-- Task instructions --
Return every record below exactly as given, images excluded.

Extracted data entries

[Start of section]

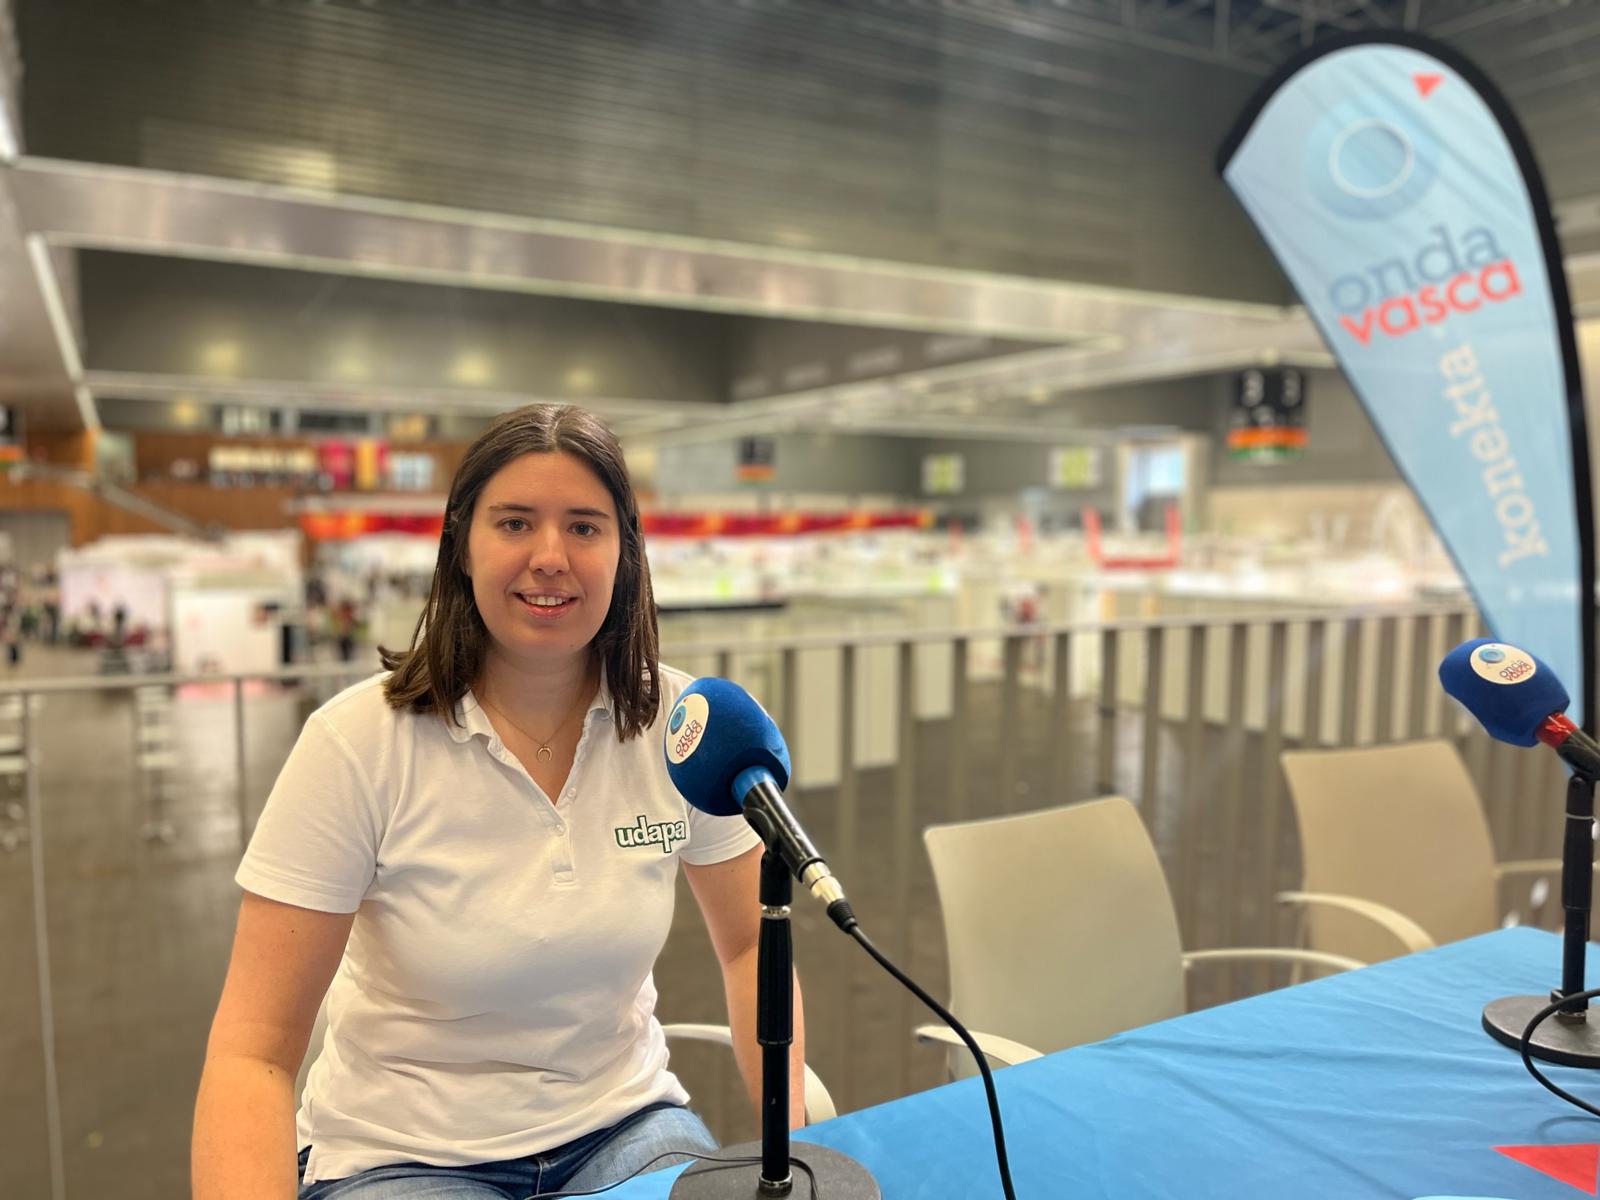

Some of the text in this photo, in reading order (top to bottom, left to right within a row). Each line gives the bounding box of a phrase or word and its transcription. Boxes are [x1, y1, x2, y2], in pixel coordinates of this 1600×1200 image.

[1330, 223, 1509, 313] onda
[1339, 257, 1521, 345] vasca
[1440, 343, 1547, 566] konekta
[675, 719, 698, 754] onda
[678, 721, 703, 758] vasca
[616, 815, 686, 854] udapa
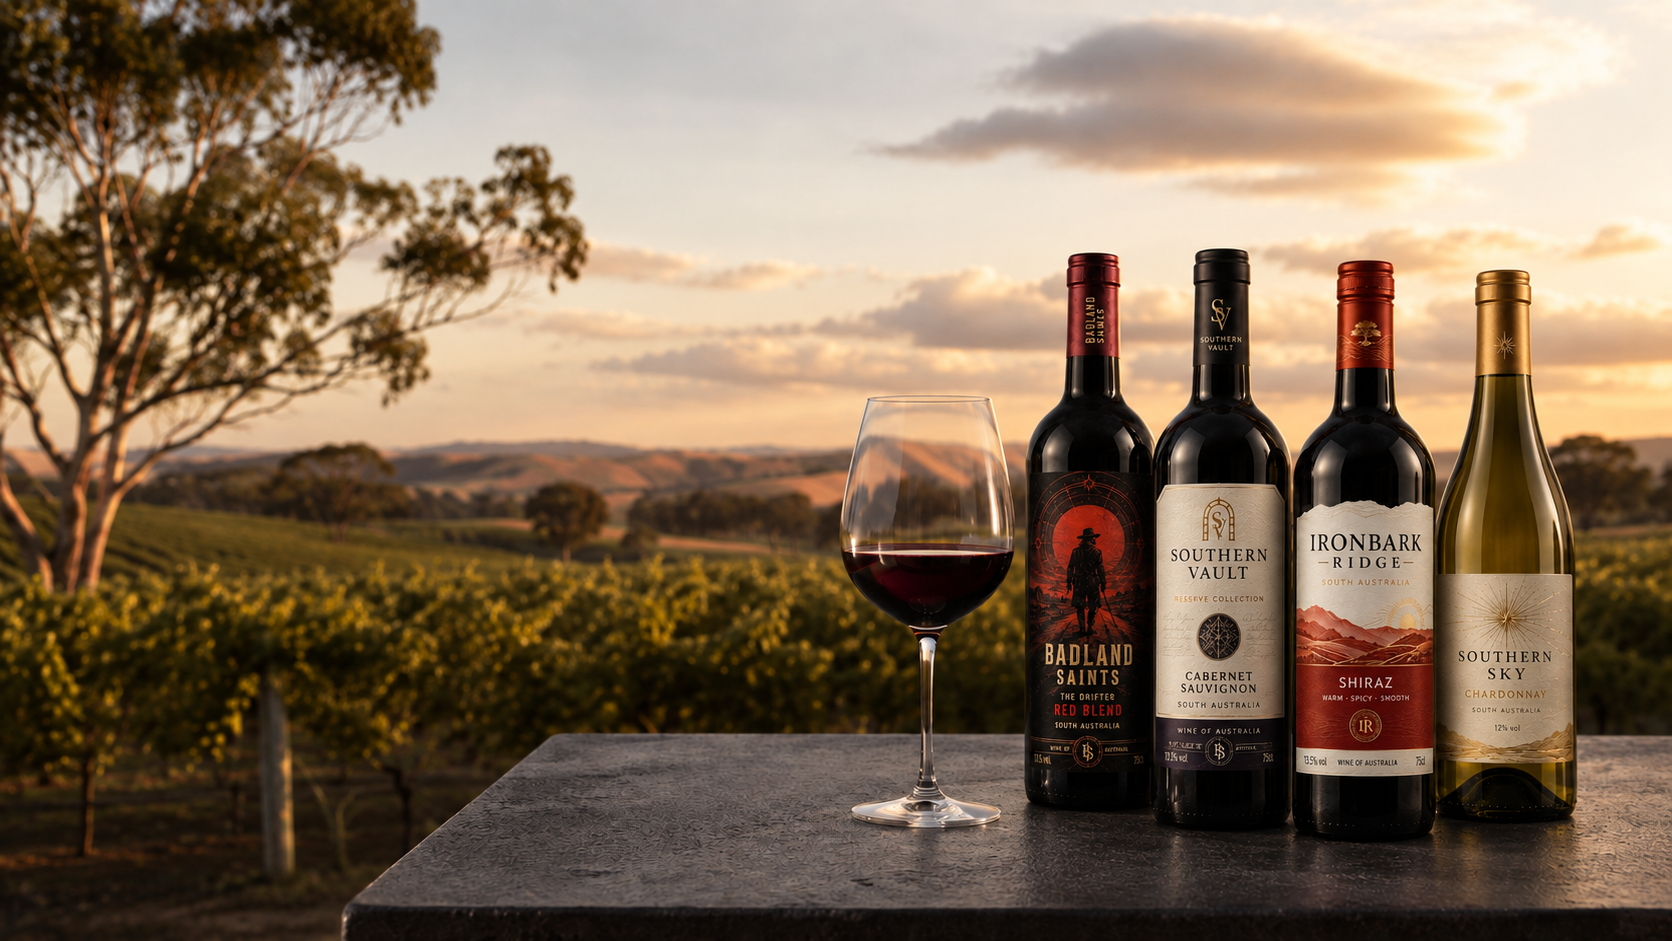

[End of section]

-- Result of this task --
Some of the text in this photo, in reading order (top to bottom, left to right within a row). Each line gives the bounding box of a phrase or word and its transcription. Boxes are [x1, y1, x2, y2], in pixel coordinates of this 1600×1200 image.

[1330, 223, 1509, 313] onda
[1339, 257, 1521, 345] vasca
[1440, 343, 1547, 566] konekta
[675, 719, 698, 754] onda
[678, 721, 703, 758] vasca
[616, 815, 686, 854] udapa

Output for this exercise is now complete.